Im ersten Stock über mir wohnt meine entfernt verwandte und allen bekannte 96-jährige Nachbarin Friedl, die dieses Fleckchen offenbar genauso liebt wie ich und alles dafür tut, auch noch mit 100 Jahren hier wohnen zu können. Flink und geschmeidig biegt sie um die Ecke um ihren Einkauf in den ersten Stock – ohne Lift wohlgemerkt – zu transportieren und regelmäßig besucht sie ihre durch die Bank jüngeren Freunde im Altersheim. Einzig das Gehör lässt merklich nach, was bei dem Trubel, der hier manchmal herrscht, gar kein Nachteil ist.

Dennoch gibt es auch Tage, an denen sie sich nicht so fit fühlt und auch da springen die Nachbarn ein, wenn es in meiner Abwesenheit mal eine Kleinigkeit zu besorgen gilt. Im Gegenzug wechselt ab und an museumsträchtiges Spielzeug den Besitzer und wird mit Staunen angenommen.

Der Garten von der Terrasse aus gesehen.
Foto: Susanne Lippitsch

Dass ich immer wieder gefragt werde, ob ich etwas brauche, seien es Einkäufe oder Hilfe jeglicher Art, versetzt mich immer noch in Staunen und macht mich zur glücklichsten Nachbarin, die man sich vorstellen kann.

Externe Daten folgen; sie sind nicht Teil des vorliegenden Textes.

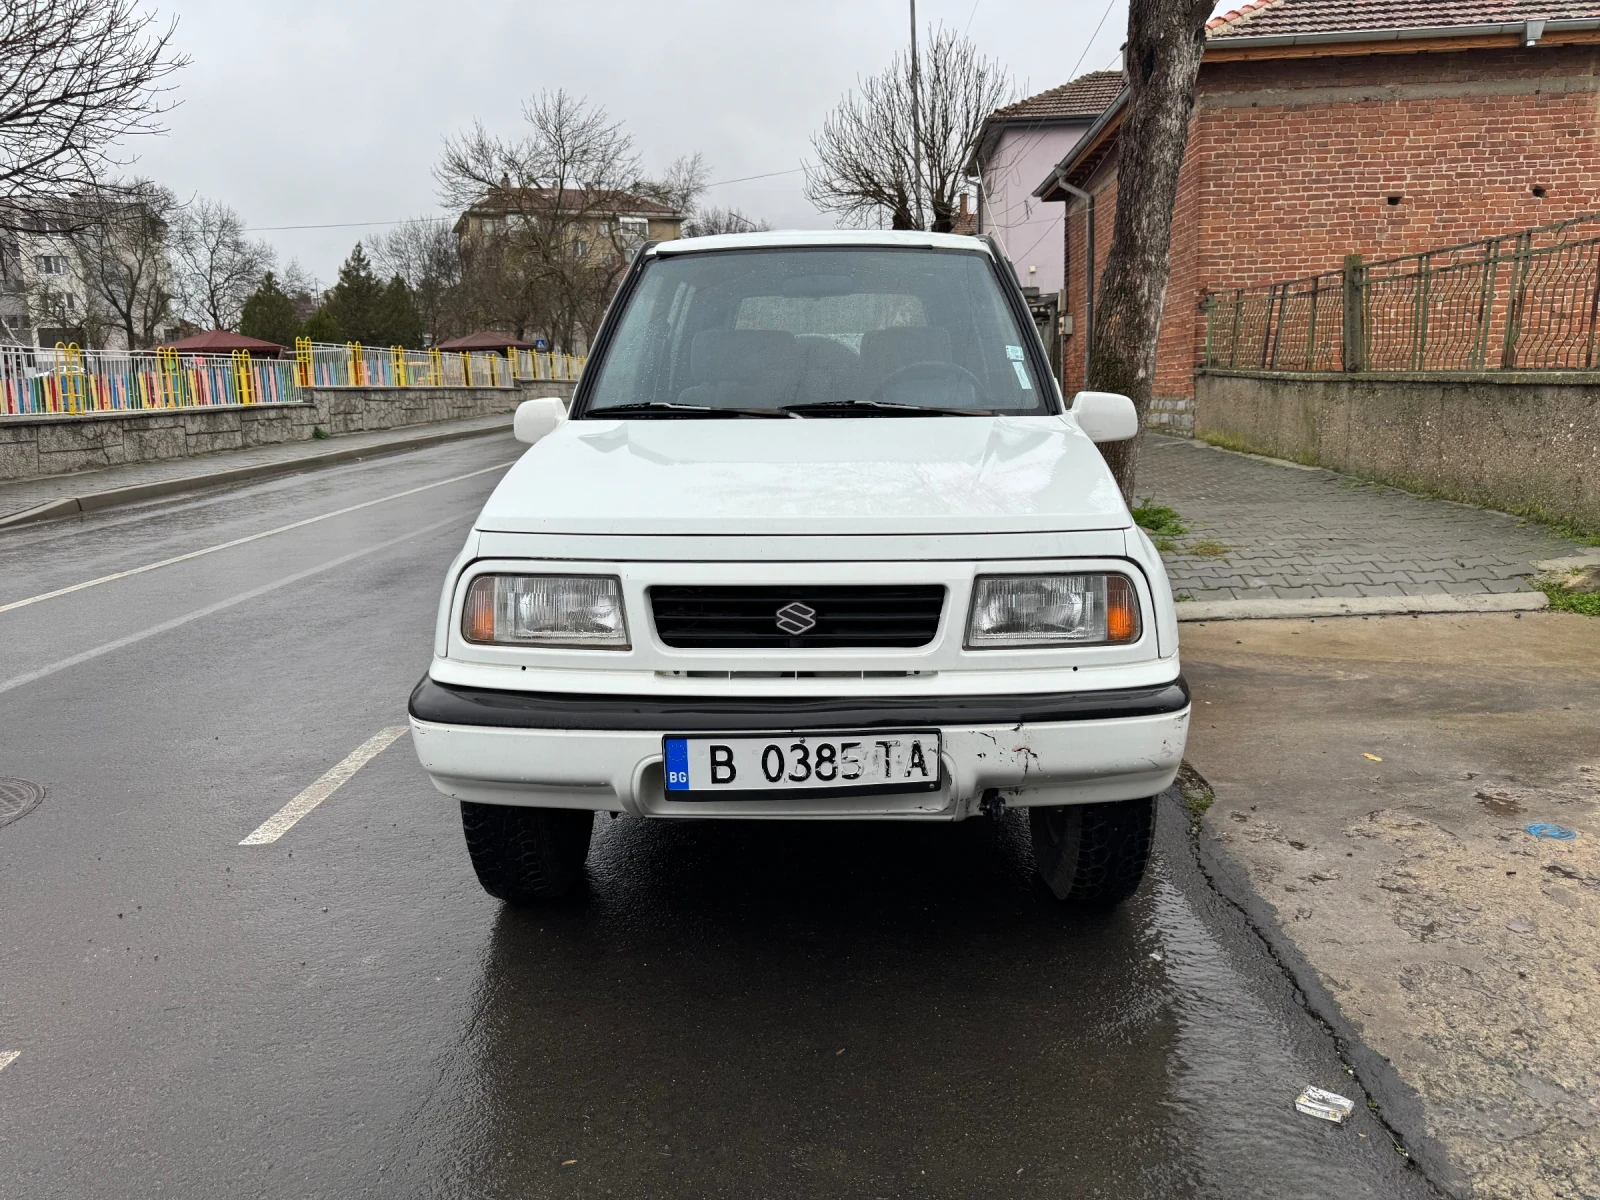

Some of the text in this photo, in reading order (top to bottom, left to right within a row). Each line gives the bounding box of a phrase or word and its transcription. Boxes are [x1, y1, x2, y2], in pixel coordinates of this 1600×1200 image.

[710, 740, 929, 784] B 0385 TA
[669, 772, 687, 783] BG

Und dass ich niemals vom Fleisch fallen werde, dafür sorgt Emils Mama, die nicht nur meine Liebe zu Selbstgebackenem, sondern auch andere Leidenschaften handwerklicher oder gärtnerischer Natur teilt. Sie hat im Übrigen nicht nur den wunderbaren Emil, sondern auch seinen entzückenden kleinen Bruder Finn und Nummer drei ist bereits im Anmarsch. Damit ich, „die Tante Berg“*, noch mehr Nachbarn habe, die mein Leben bereichern.

Und zum Glück ist es bald Dezember, denn da gibt es fix das große Punschtrinken bei mir im Garten – mit all den lieben Menschen, ohne die ich mir mein Leben hier gar nicht mehr vorstellen kann!

Gemeinsamer Punschumtrunk, Foto: Susanne Lippitsch

* „Die Tante Berg“: die Nachbarin aus Astrid Lindgrens „Kindern aus der Krachmacherstraße “.


Susanne Lippitsch ist selbstständig als Verpackungsdesignerin und unterrichtet an der FH Joanneum in Graz in den Lehrgängen Industrial Design und Informations Design, an der Werbe- und Designakademie in Salzburg und an der FH Campus Wien im Lehrgang für Verpackungstechnologie. Neben dem entwickeln von außergewöhnlichen Verpackungen, liebt sie es, in Haus und Garten gestalterisch tätig zu sein oder kulinarische Köstlichkeiten auszuprobieren. Sie hat eine fast 15-jährige Tochter und lebt mit Katze Mietze, Partner Thomas und Nachbarin Friedl in einem Haus an Wiens südlichem Stadtrand.